■ **Task requirements**: Transcribe the entries that follow exactly as they appear, minus pictures.

(Collected data)
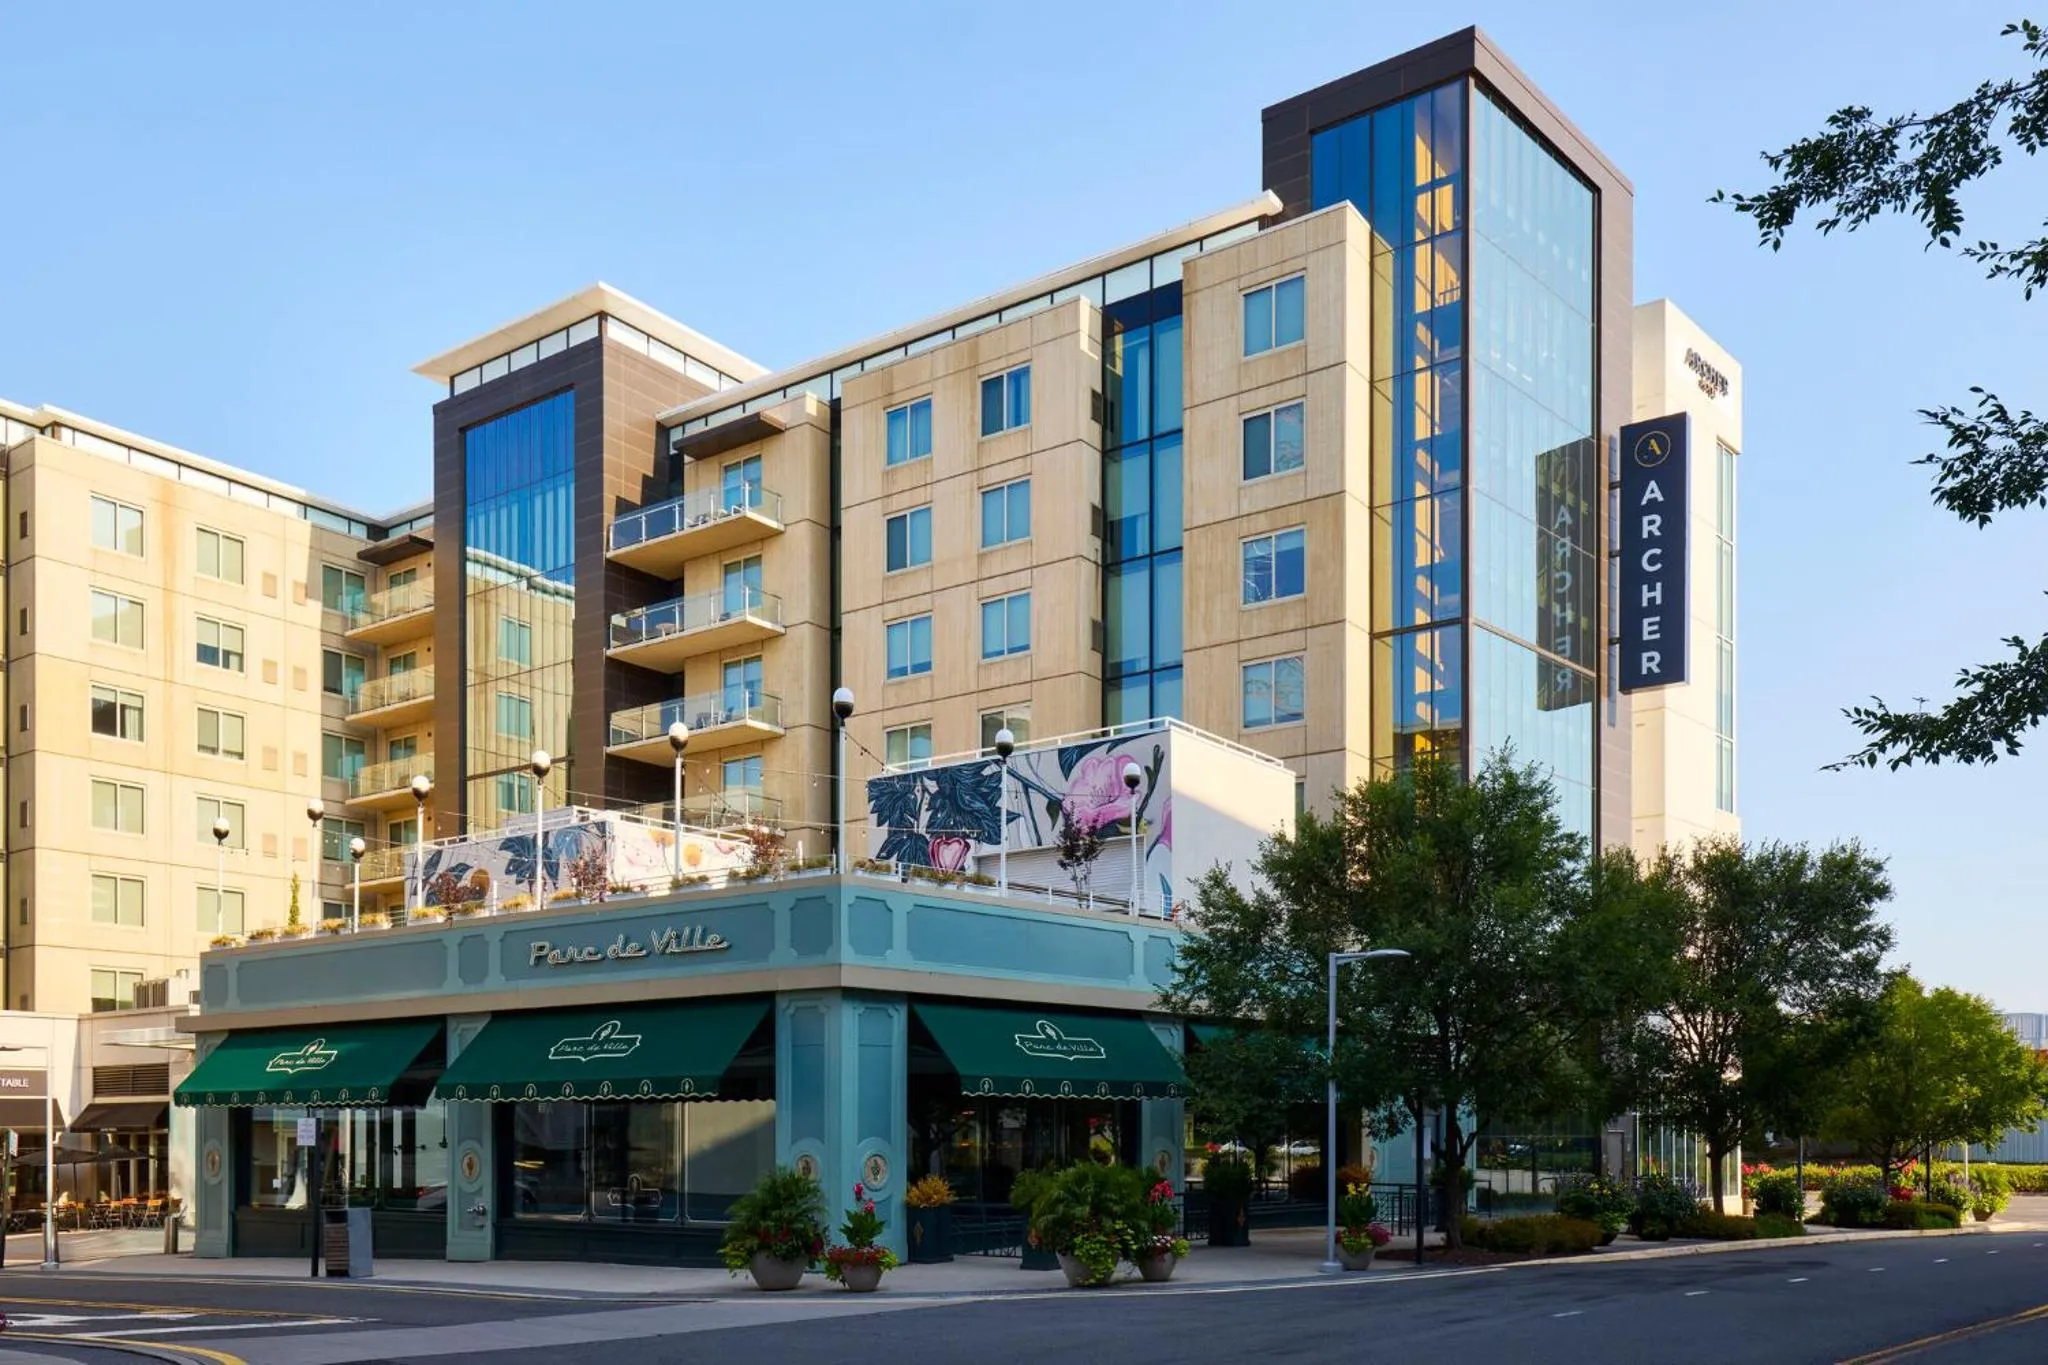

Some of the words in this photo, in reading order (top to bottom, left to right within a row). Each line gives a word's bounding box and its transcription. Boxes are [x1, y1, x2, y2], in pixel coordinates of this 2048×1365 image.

[1640, 480, 1664, 675] ARCHER
[529, 941, 604, 966] Parc
[607, 934, 648, 959] de
[651, 925, 731, 954] Ville
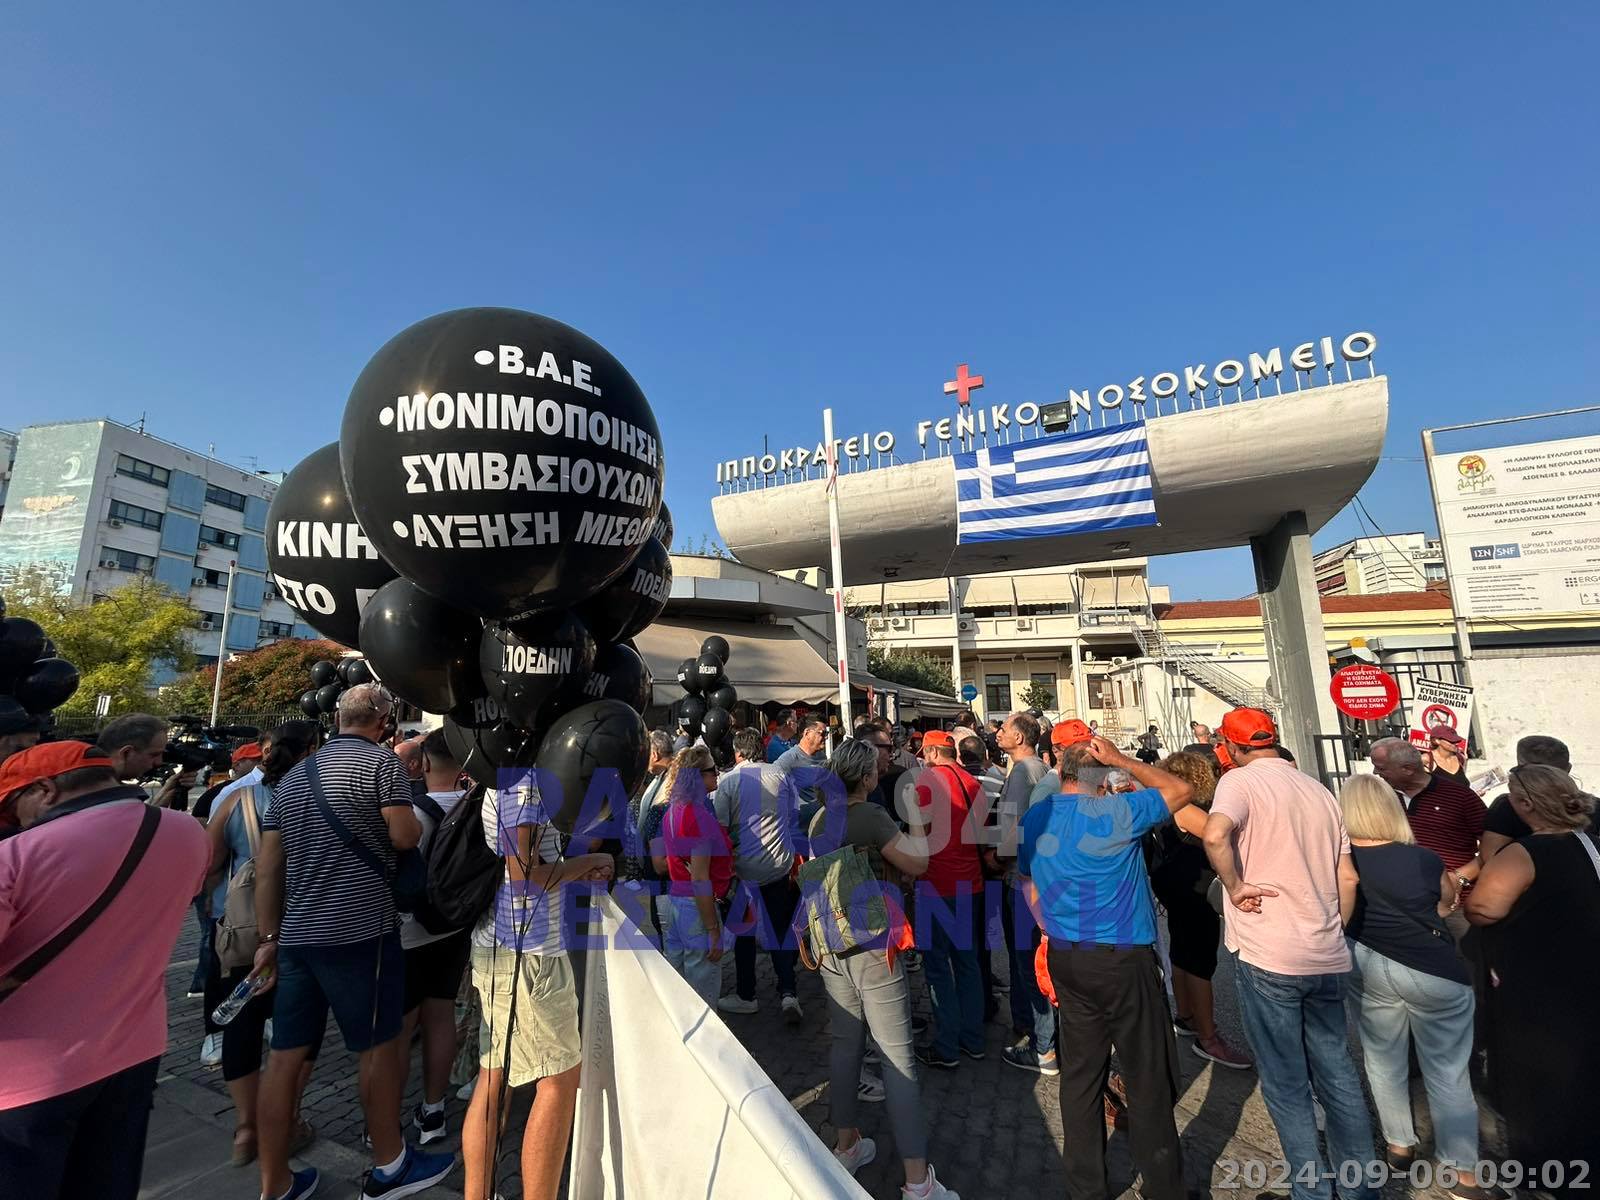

■ **Result**:
Some of the words in this photo, in reading order (top to bottom, left to right within a row). Each line gives a word's bounding box and its transcription. Boxes are [x1, y1, x2, y2], in pixel coordinates of this 2048×1365 image.

[1640, 480, 1664, 675] ARCHER
[529, 941, 604, 966] Parc
[607, 934, 648, 959] de
[651, 925, 731, 954] Ville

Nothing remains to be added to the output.